Gallery Sixty Nine: How to make expressive photographs in “bad” light

Photographers who make images to convey atmosphere, mood, beauty, and meaning, usually prefer to shoot during the first and the last few hours of the day. That’s when the light is warmer, the shadows softer and less harsh, the colors warm and the low angle of the sun can bring out texture and detail with striking dimensionality, clarity and relief. Some kinds of travel photography, such as landscapes and architectural studies, depend almost entirely on the beauty of the light for their meaning. For example, trying to make a landscape photograph with the sun high overhead invites a flat, evenly illuminated scene with harsh pockets of shadow.

As much as we would like to shoot during these “golden hours,” there are many times when our schedules simply make it impossible for us to do so. And so, we must often cope with light that is less than ideal for our purposes and hope for the best. How, then, can we make expressive photographs when the mid-day light is high in the sky, falling straight down on our subjects, creating harsh shadows and difficult contrasts?

This gallery demonstrates some approaches that worked for me, and may work for you, in the mid-day light. I start it off with fourteen images that I made while accompanying one of my tutorial students on two mid-day shoots: the first between one and three in the afternoon, and the second between ten and noon in the morning. On both days, the skies were clear, and the Phoenix, Arizona sunlight mercilessly poured down on us from straight overhead.
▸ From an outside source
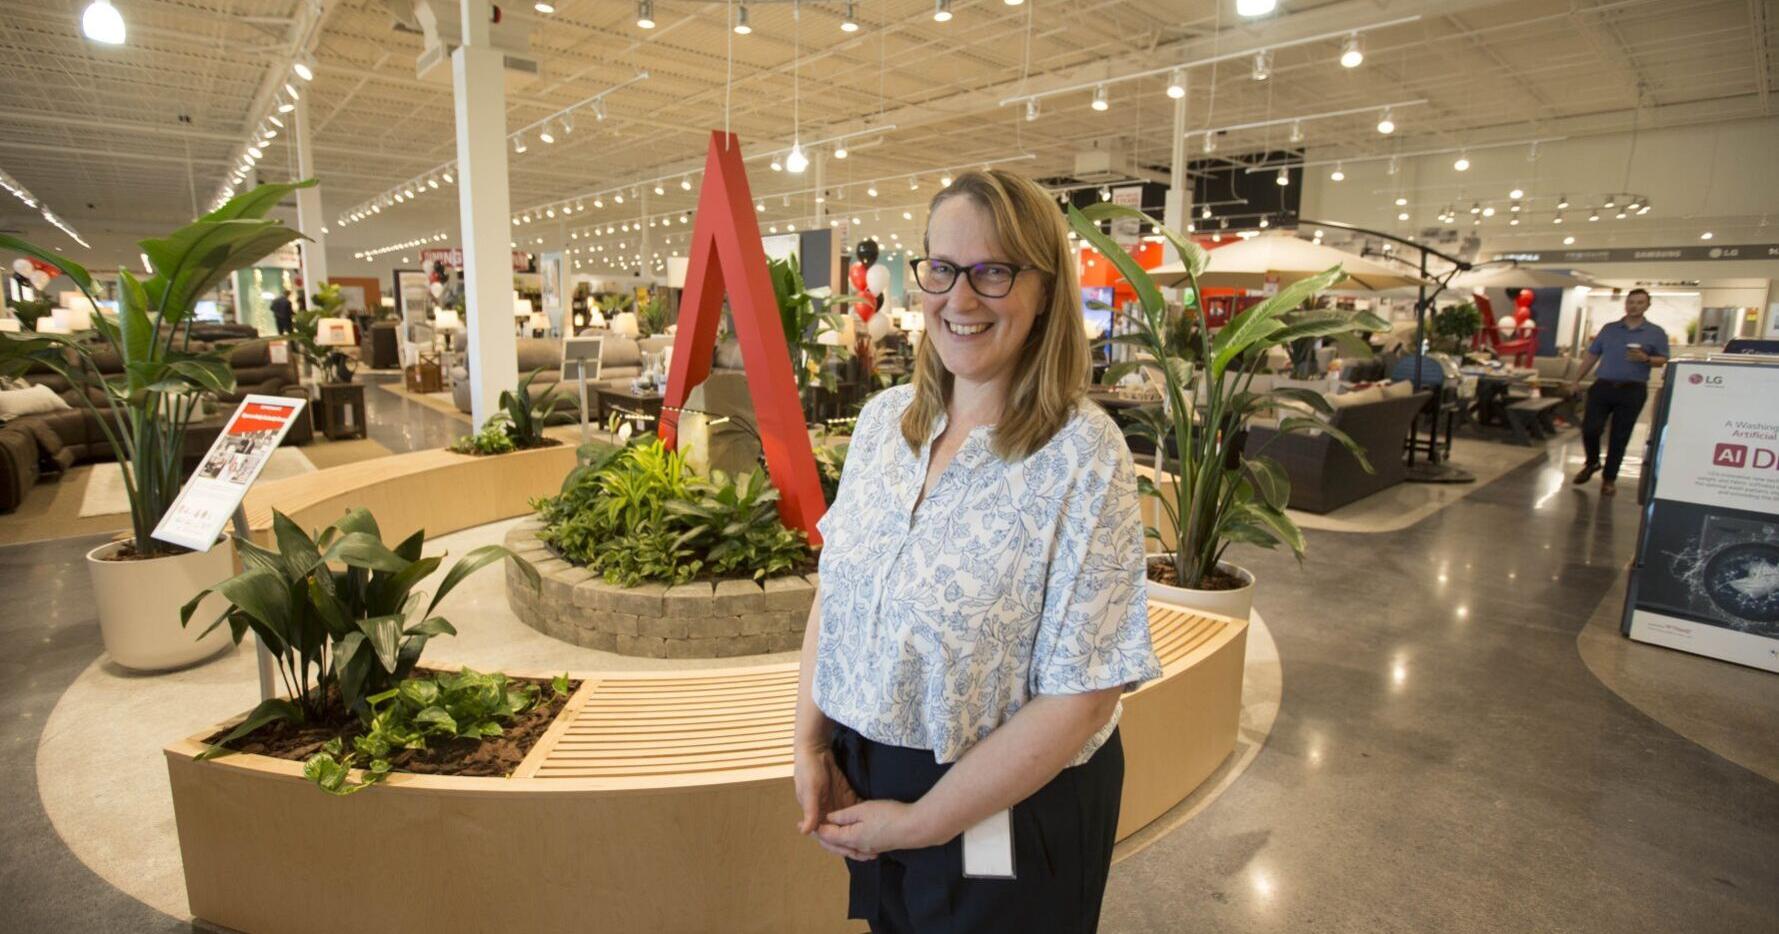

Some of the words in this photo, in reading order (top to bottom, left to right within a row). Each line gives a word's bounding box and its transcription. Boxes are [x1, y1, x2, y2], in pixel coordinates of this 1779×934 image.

As you will l see, I often try to make use of the harsh light itself to tell part of my story. I underexpose many of these images to avoid burning out highlights, and in the process, I create shadows that can abstract the subject and imply meaning. I often look for shadows that create patterns and rhythms to enrich expression. (To systematically under-expose to avoid burning out highlights, simply adjust your “exposure compensation” control to “minus two thirds of one stop” and using your spot-metering mode, take your exposure reading on the brightest spot in the frame. Your image will become darker than usual, creating abstraction. You can restore any essential details later in post processing.)

I also try to make use of backlighting, which creates silhouettes, as well as shooting subjects within shaded areas such as windows, awnings and umbrellas. I often shoot towards the sun, using backlighting to create luminosity, causing some subjects to glow as the light passes right through them. I will photograph in completely shaded areas, looking for soft reflected light bouncing off nearby surfaces as my illumination source. I may even forsake outdoor photography itself and choose to work inside of buildings during the hours of “bad light,” photographing my subjects in the indirect natural light passing through doors and windows.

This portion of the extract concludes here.